The Real AI Risk Isn’t the Technology. It’s How Businesses Are Using It
We’ve resisted writing about AI for some time.
Not because we didn’t think it was important, but because much of the conversation has been focused on the technology itself rather than what it means for businesses in practice.
Over the past few months, however, the number of conversations we’ve had with clients about AI has increased significantly.
Most start with the same question:
“Does cyber insurance cover AI?”
It’s a fair question.
Businesses are adopting AI tools at an extraordinary pace. Teams are using ChatGPT, Microsoft Copilot and industry-specific AI platforms to improve productivity, streamline operations, analyse information and support decision-making.
As AI becomes more embedded in everyday business activities, it’s only natural that business owners and executives want to understand how it impacts their risk profile.
But increasingly, we believe the more important conversation isn’t about whether AI is covered by insurance.
It’s about how AI is changing risk itself.
Earlier this year, the cyber security and insurance industries paid close attention when Anthropic expanded Project Glasswing and its Claude Mythos capabilities into Australia and New Zealand. The technology demonstrated an ability to identify software vulnerabilities at a scale and speed that would have been difficult to imagine only a few years ago.
For many outside the technology sector, the announcement barely registered.
For those involved in cyber security, risk management and insurance, it reinforced something many had already begun to recognise:
AI is accelerating the pace at which risks emerge, evolve and are managed.
The significance isn’t that AI is creating entirely new categories of risk.
The significance is that it is amplifying existing ones.

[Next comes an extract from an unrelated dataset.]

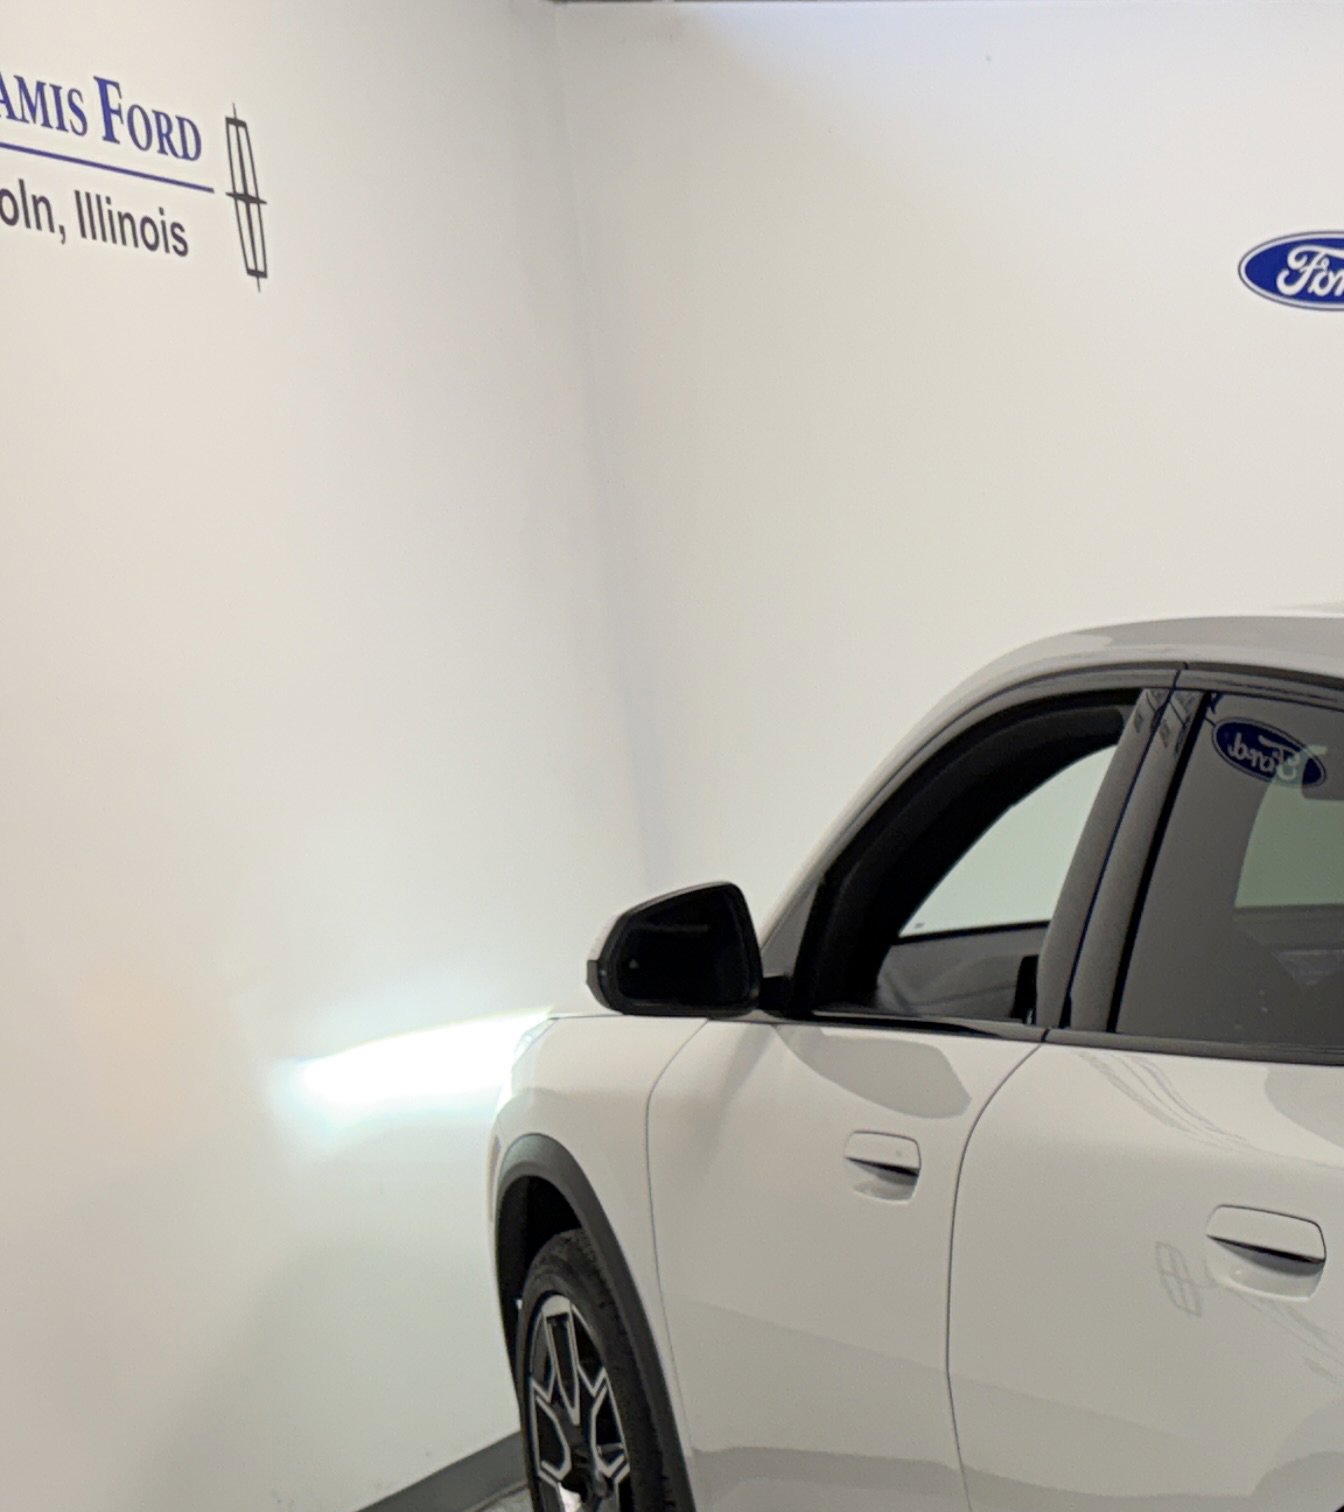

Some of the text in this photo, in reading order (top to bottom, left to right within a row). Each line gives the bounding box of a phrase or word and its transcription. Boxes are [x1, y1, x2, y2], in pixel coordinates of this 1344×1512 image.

[0, 72, 202, 162] AMIS FORD
[74, 189, 189, 257] Illinois

Cyber attacks are becoming more sophisticated. Social engineering attempts are becoming more convincing. Fraud schemes are becoming harder to detect. Information can be analysed, generated and distributed at speeds that were previously impossible.

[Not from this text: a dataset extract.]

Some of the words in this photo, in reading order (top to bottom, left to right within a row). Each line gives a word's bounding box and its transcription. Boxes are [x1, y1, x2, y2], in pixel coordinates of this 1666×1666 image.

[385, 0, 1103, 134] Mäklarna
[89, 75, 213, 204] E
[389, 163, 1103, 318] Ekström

Unfortunately, mistakes can happen faster too.
This is why we believe the greatest AI risk facing many businesses today isn’t the technology itself. It’s how organisations are choosing to use it.
Across Australia, employees are increasingly using AI to draft documents, review contracts, analyse data, prepare reports and assist with customer interactions. In many organisations, this adoption has happened organically, often without clear policies, governance frameworks or defined accountability.
The technology may be new, but the underlying risks are familiar.
What happens when confidential information is uploaded into an AI platform without proper oversight?
What happens when AI-generated content contains inaccuracies that go unnoticed?
What happens when a professional relies on AI-assisted outputs without applying appropriate judgement and review?
What happens when governance frameworks fail to keep pace with the technology being adopted across the organisation?
These are no longer IT questions.
They are business risk questions.
In many ways, AI feels remarkably similar to where cyber risk sat fifteen years ago.
At the time, cyber was often viewed as a technical issue best left to the IT department.
Today, cyber risk is recognised as a boardroom issue with implications across operations, compliance, reputation and financial performance.
AI appears to be following a similar trajectory.
The conversation is moving beyond productivity gains and technological capability. It is becoming a discussion about governance, accountability and resilience.
And importantly, insurers are paying attention.
Across the market, the focus is increasingly shifting towards understanding how organisations govern and manage their use of AI as part of their broader risk profile. The quality of decision-making, oversight and internal controls is becoming just as important as the technology itself.
This is not a reason to avoid AI.
Far from it.
The opportunities presented by AI are significant and, for many businesses, impossible to ignore.
The organisations that will be best positioned in the years ahead are unlikely to be those that reject AI altogether. They will be the organisations that embrace innovation while ensuring appropriate governance, controls and risk management frameworks evolve alongside it.
At Knightsbridge Insurance Group, we believe the most important AI conversation is not about the technology.
It’s about preparedness.
Because while AI capabilities will continue to evolve, the organisations that thrive will be those that understand that technology alone does not create resilience.
People, processes, governance and informed decision-making do.
The question for businesses is no longer whether AI will influence the way they operate.
The question is whether their approach to risk is evolving just as quickly.